Set down only the lines from the one containing "Some of the text" through the final line of the entries below, exactly as they stand, with no pictures.

Excerpted records:

++++++++++

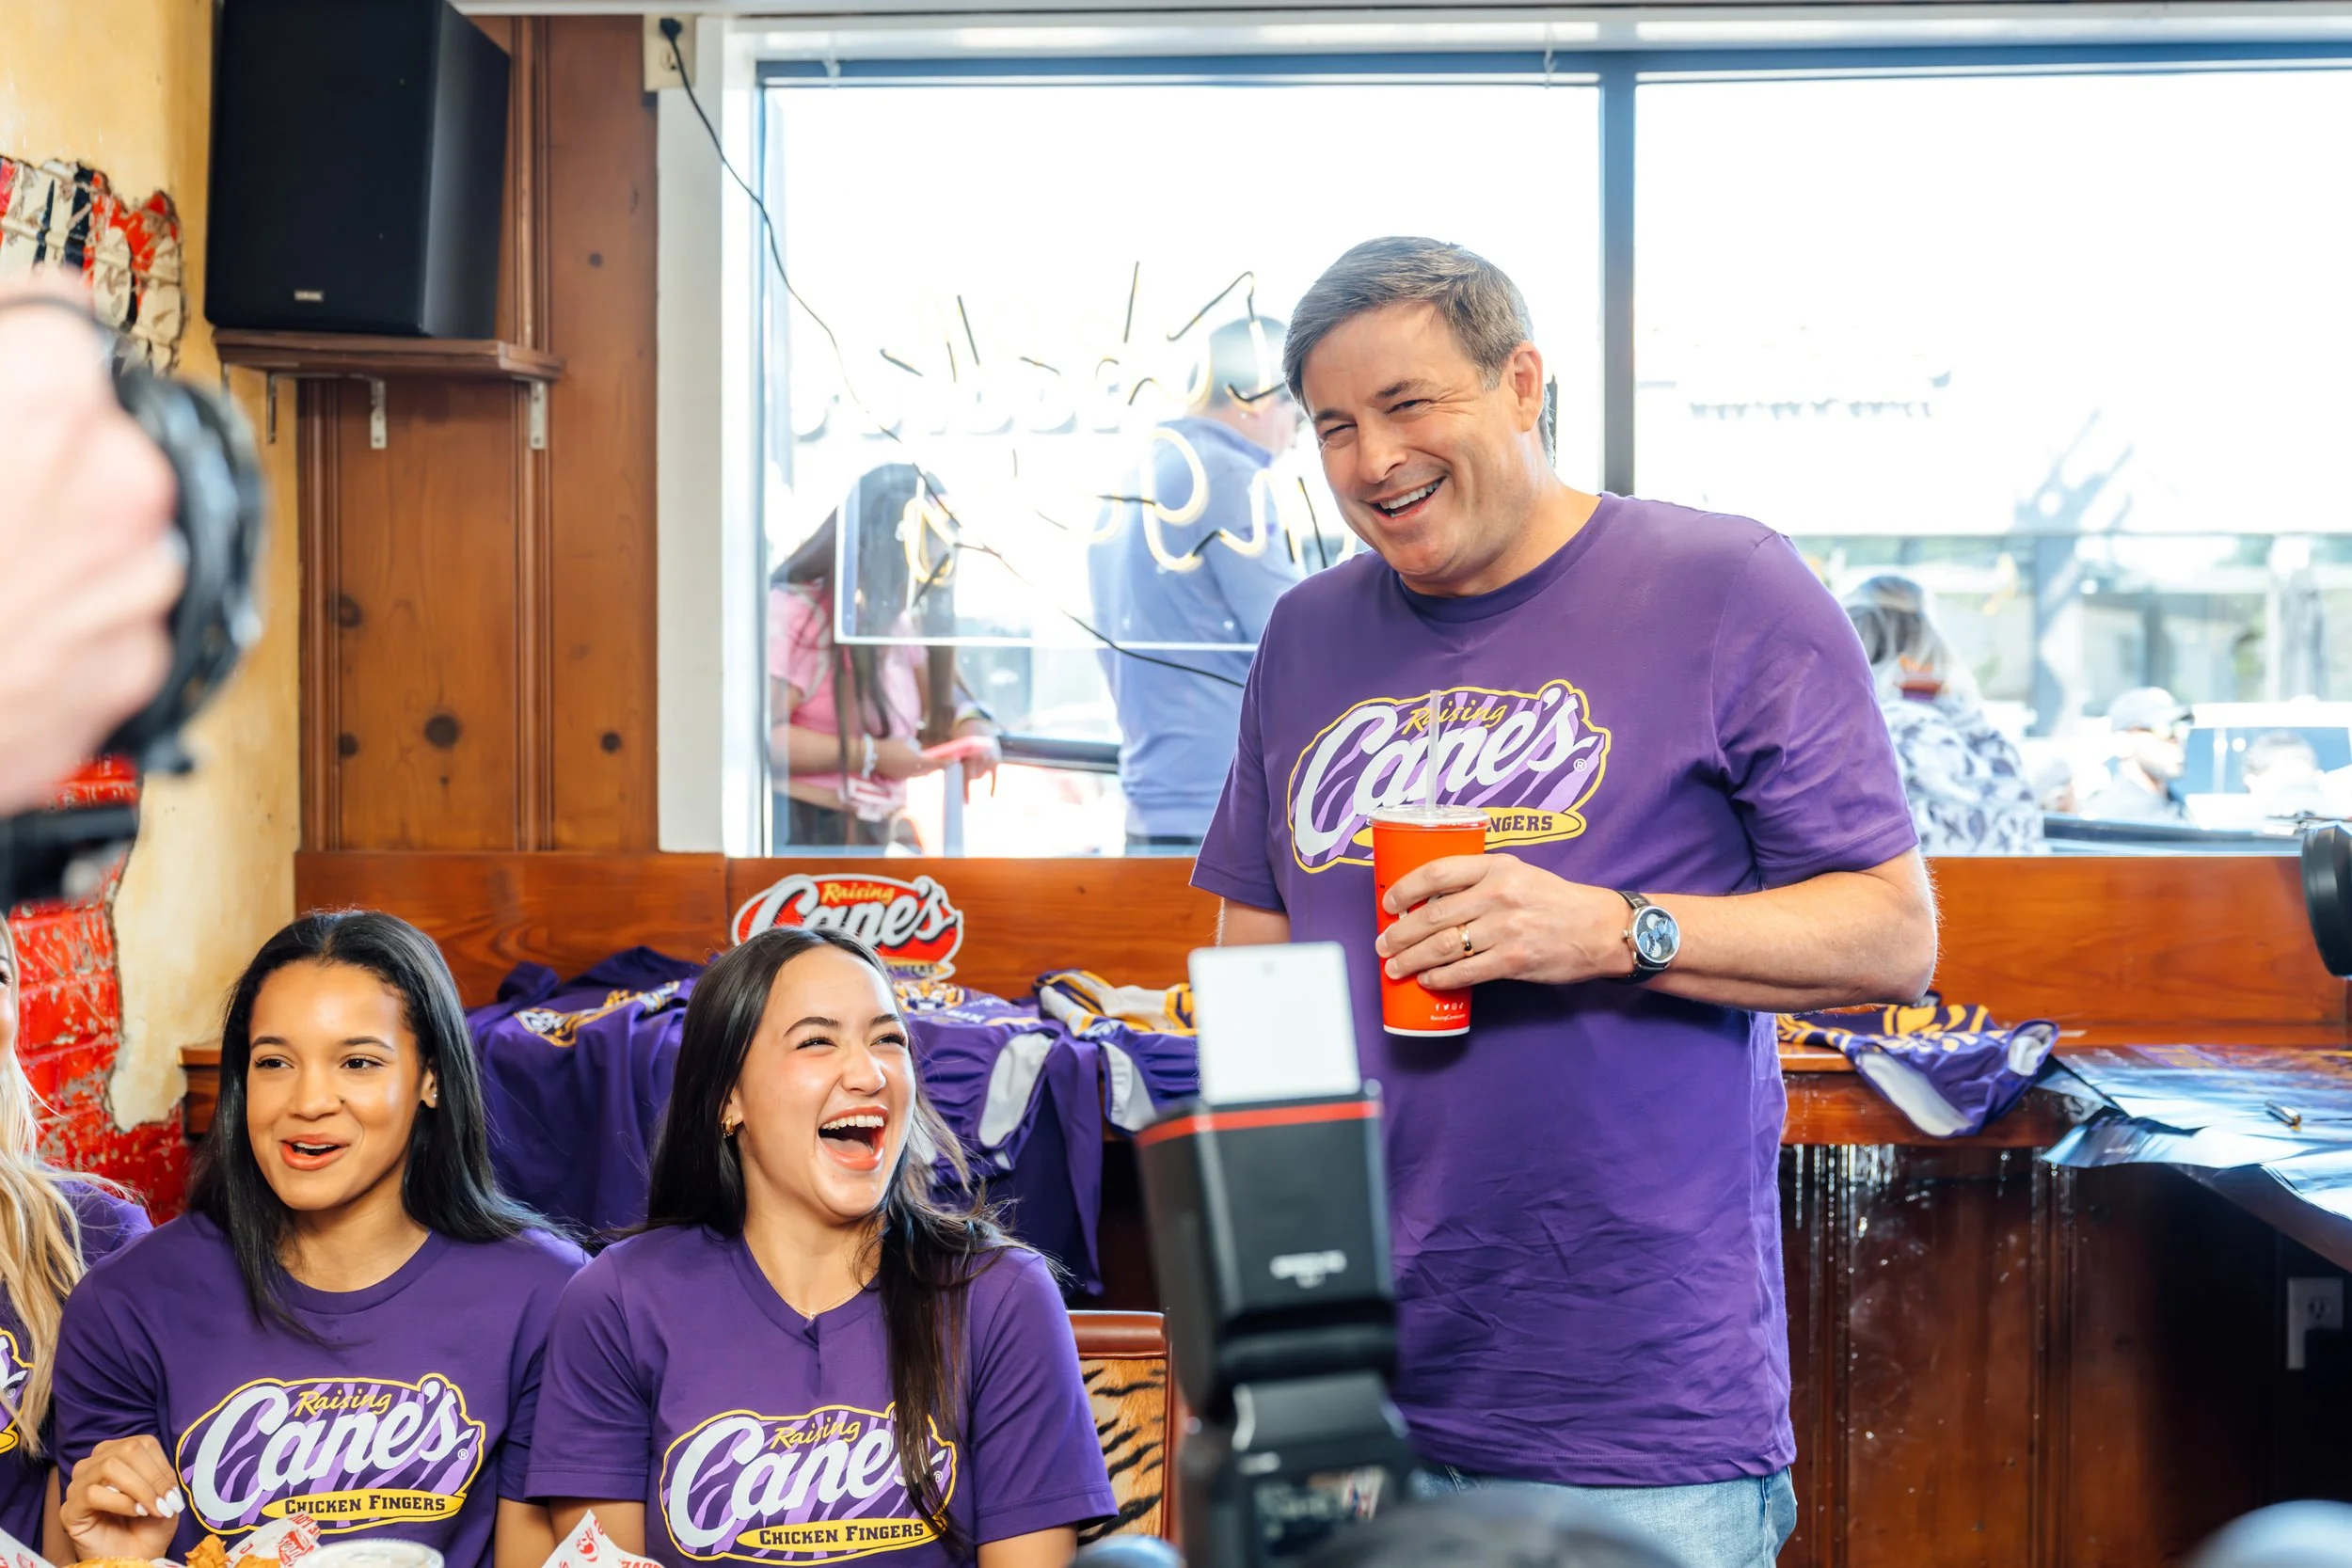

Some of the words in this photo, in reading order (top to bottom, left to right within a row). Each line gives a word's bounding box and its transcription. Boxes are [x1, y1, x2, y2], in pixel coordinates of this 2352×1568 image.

[1401, 700, 1507, 735] Raising
[1295, 687, 1598, 856] Cane's
[1486, 815, 1553, 832] NGERS
[820, 882, 896, 904] Raising
[296, 1388, 392, 1417] Raising
[770, 1417, 862, 1449] Raising
[192, 1380, 476, 1521] Cane's
[370, 1495, 446, 1512] FINGERS
[759, 1528, 839, 1545] CHICKEN
[846, 1523, 924, 1542] FINGERS
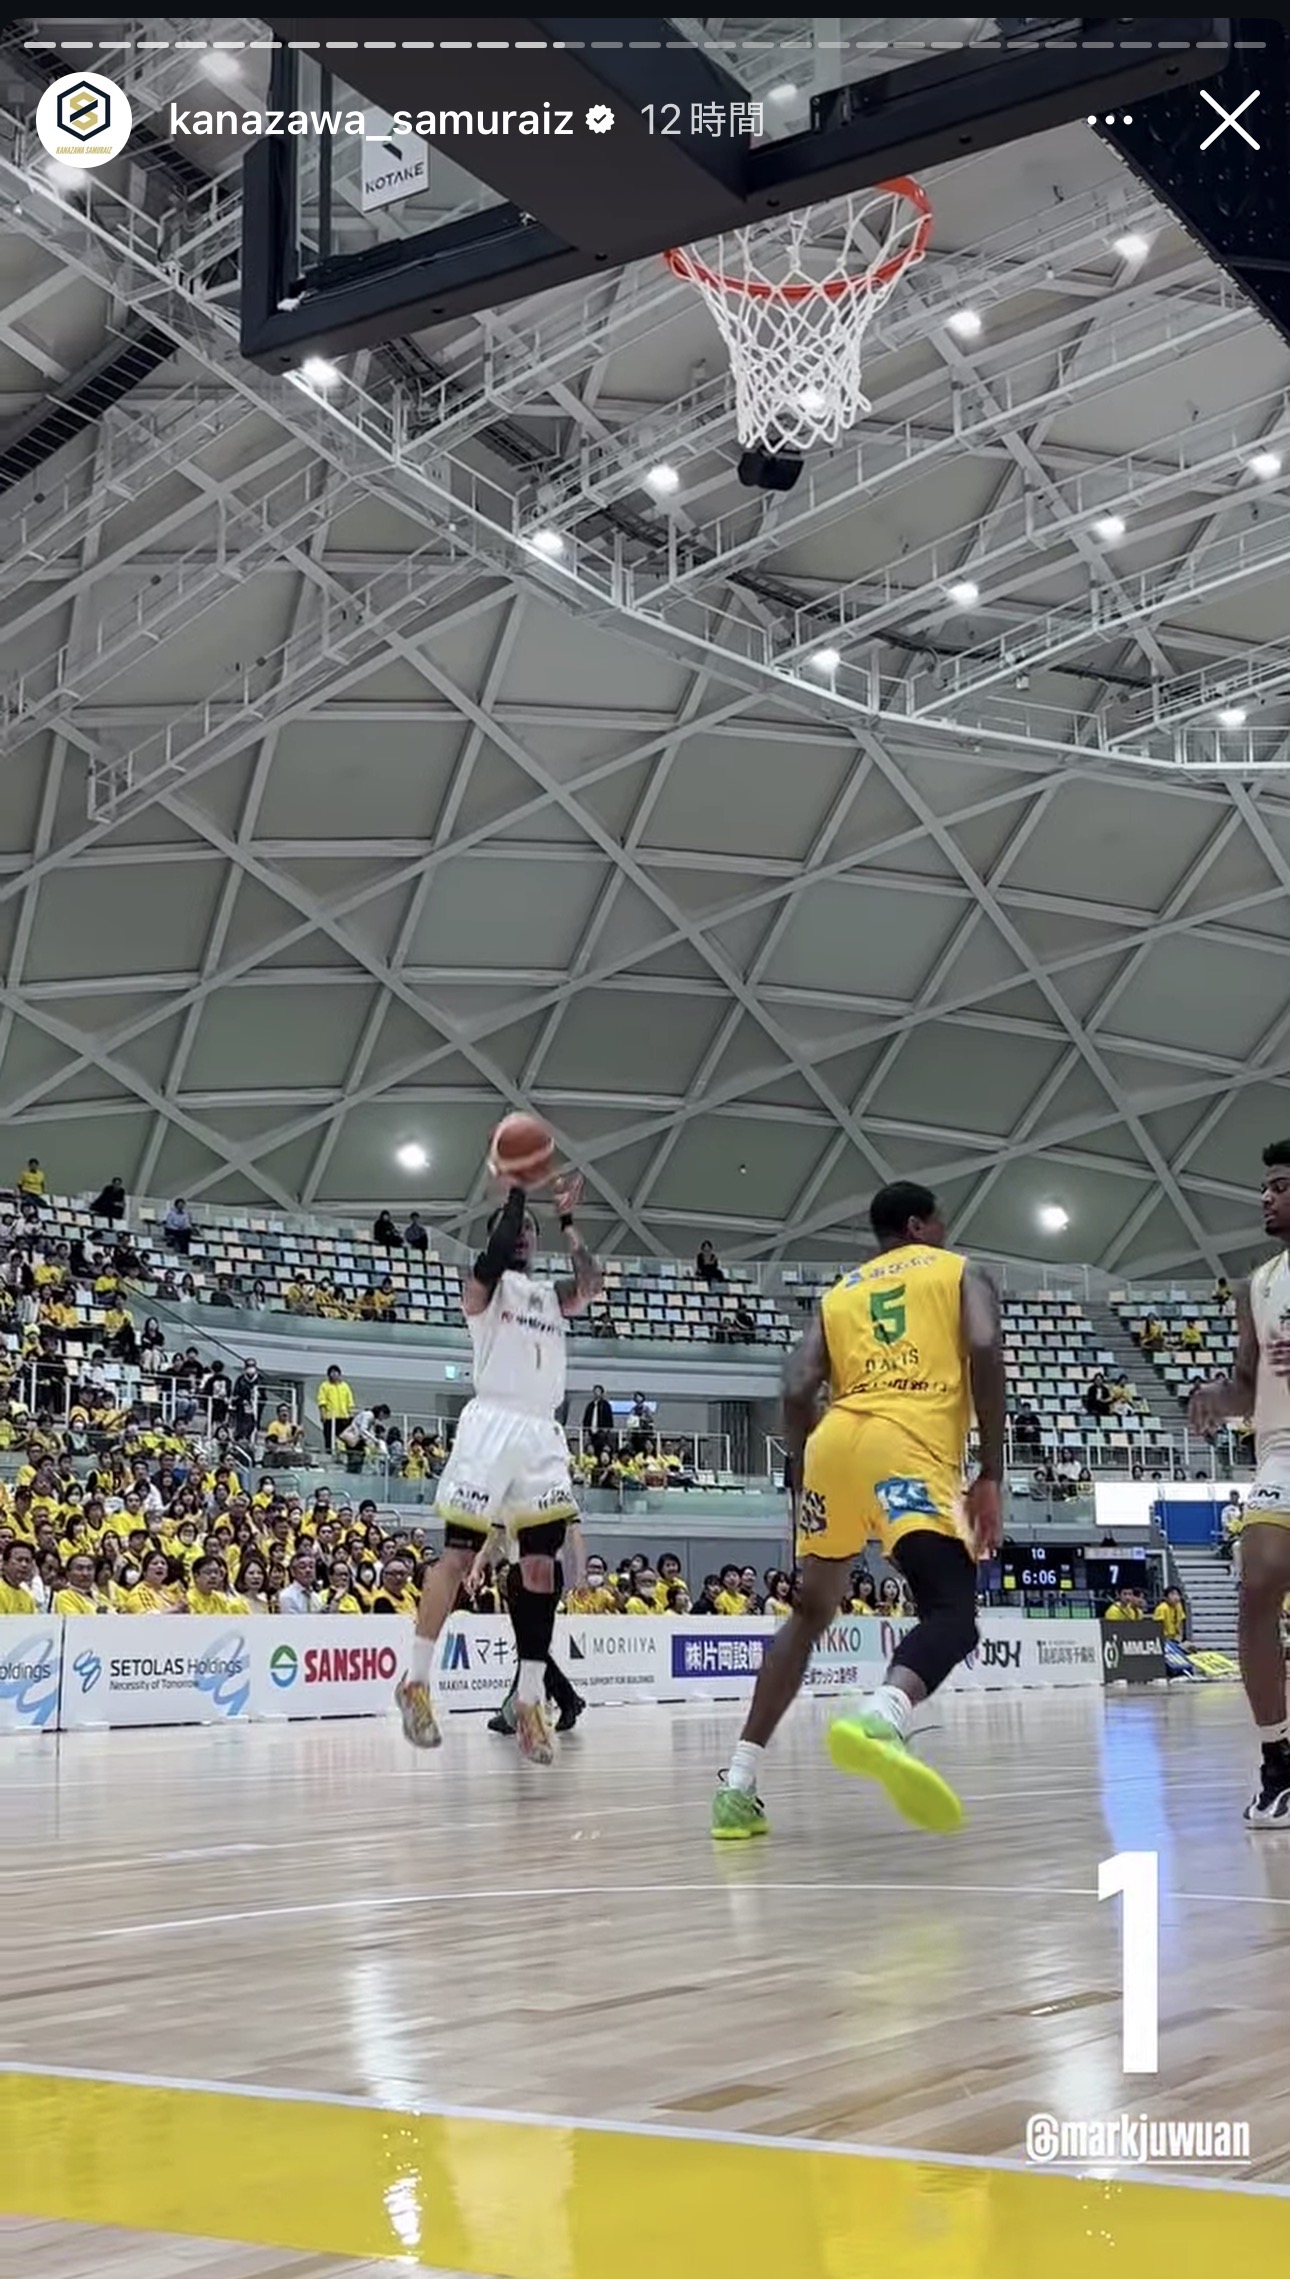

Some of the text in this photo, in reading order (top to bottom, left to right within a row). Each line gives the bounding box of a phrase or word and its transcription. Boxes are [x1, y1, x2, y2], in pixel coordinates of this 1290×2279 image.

[365, 161, 424, 195] KOTAKE
[870, 1283, 906, 1345] 5
[1031, 1547, 1046, 1560] 1Q
[1022, 1569, 1057, 1585] 6:06
[1109, 1564, 1119, 1585] 7
[593, 1636, 657, 1655] MORIIYA
[109, 1657, 243, 1678] SETOLAS Holdings
[303, 1646, 397, 1683] SANSHO
[109, 1680, 150, 1691] Necessity
[151, 1679, 160, 1690] of
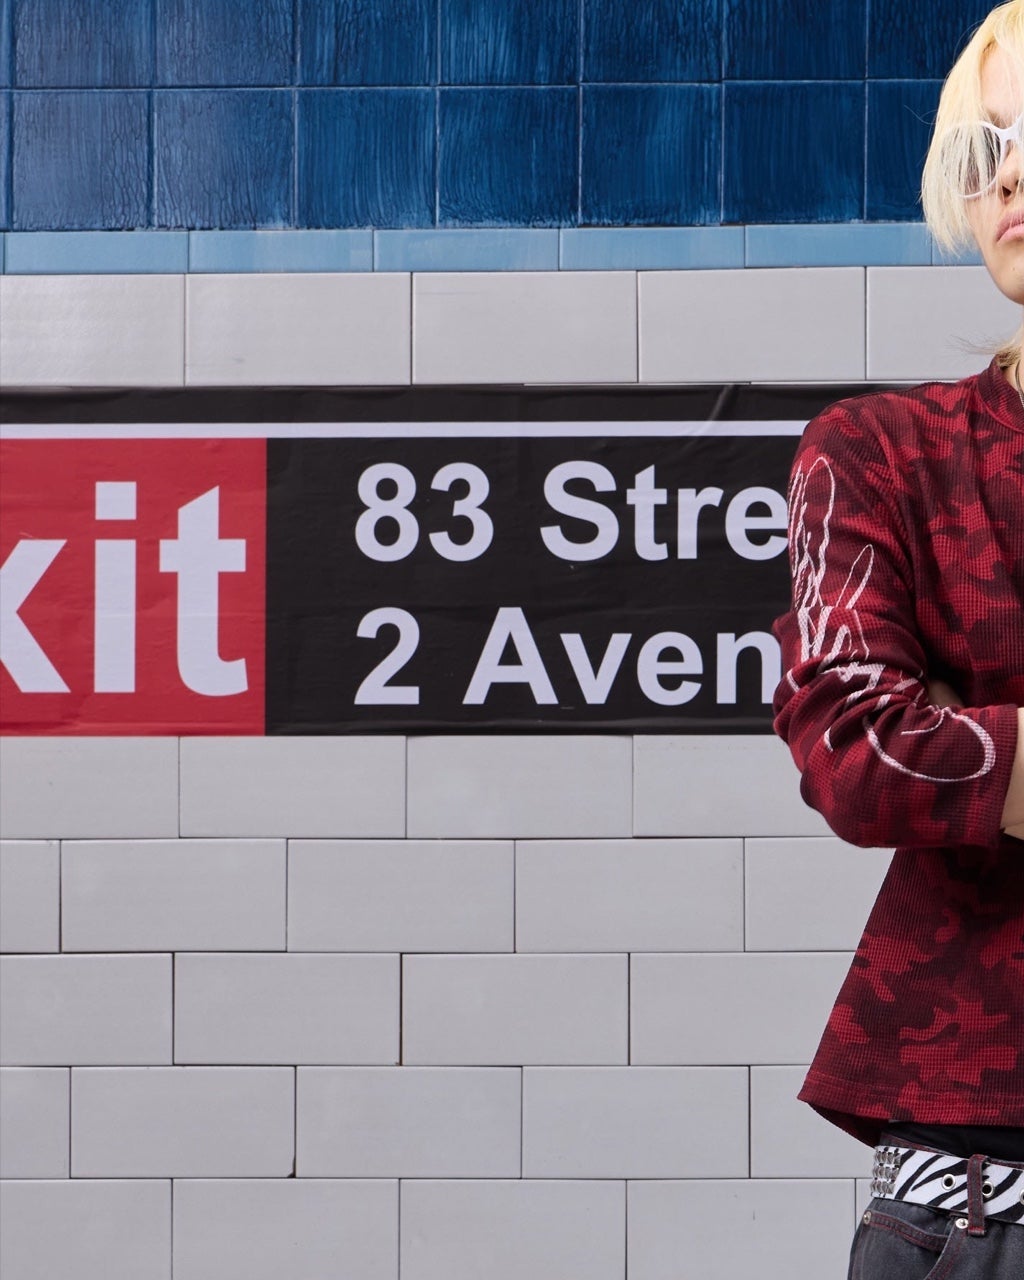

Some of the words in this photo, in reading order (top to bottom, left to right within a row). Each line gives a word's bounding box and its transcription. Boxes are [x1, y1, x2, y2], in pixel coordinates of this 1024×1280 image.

++++++++++

Output for this task:
Some of the text in this photo, in reading order (top to bottom, left to right within a row). Each line gives the bounding box of a phrase or word and its transcription. Boxes are [x1, y1, x2, y2], in pixel coordinates of this 1290×2279 image.

[365, 161, 424, 195] KOTAKE
[870, 1283, 906, 1345] 5
[1031, 1547, 1046, 1560] 1Q
[1022, 1569, 1057, 1585] 6:06
[1109, 1564, 1119, 1585] 7
[593, 1636, 657, 1655] MORIIYA
[109, 1657, 243, 1678] SETOLAS Holdings
[303, 1646, 397, 1683] SANSHO
[109, 1680, 150, 1691] Necessity
[151, 1679, 160, 1690] of

Some of the words in this photo, in reading order (top to bottom, left to right within a row). Each line gives a word's bounding box and its transcription. Boxes are [x1, y1, x2, y2], in pixel coordinates of this 1024×1280 image.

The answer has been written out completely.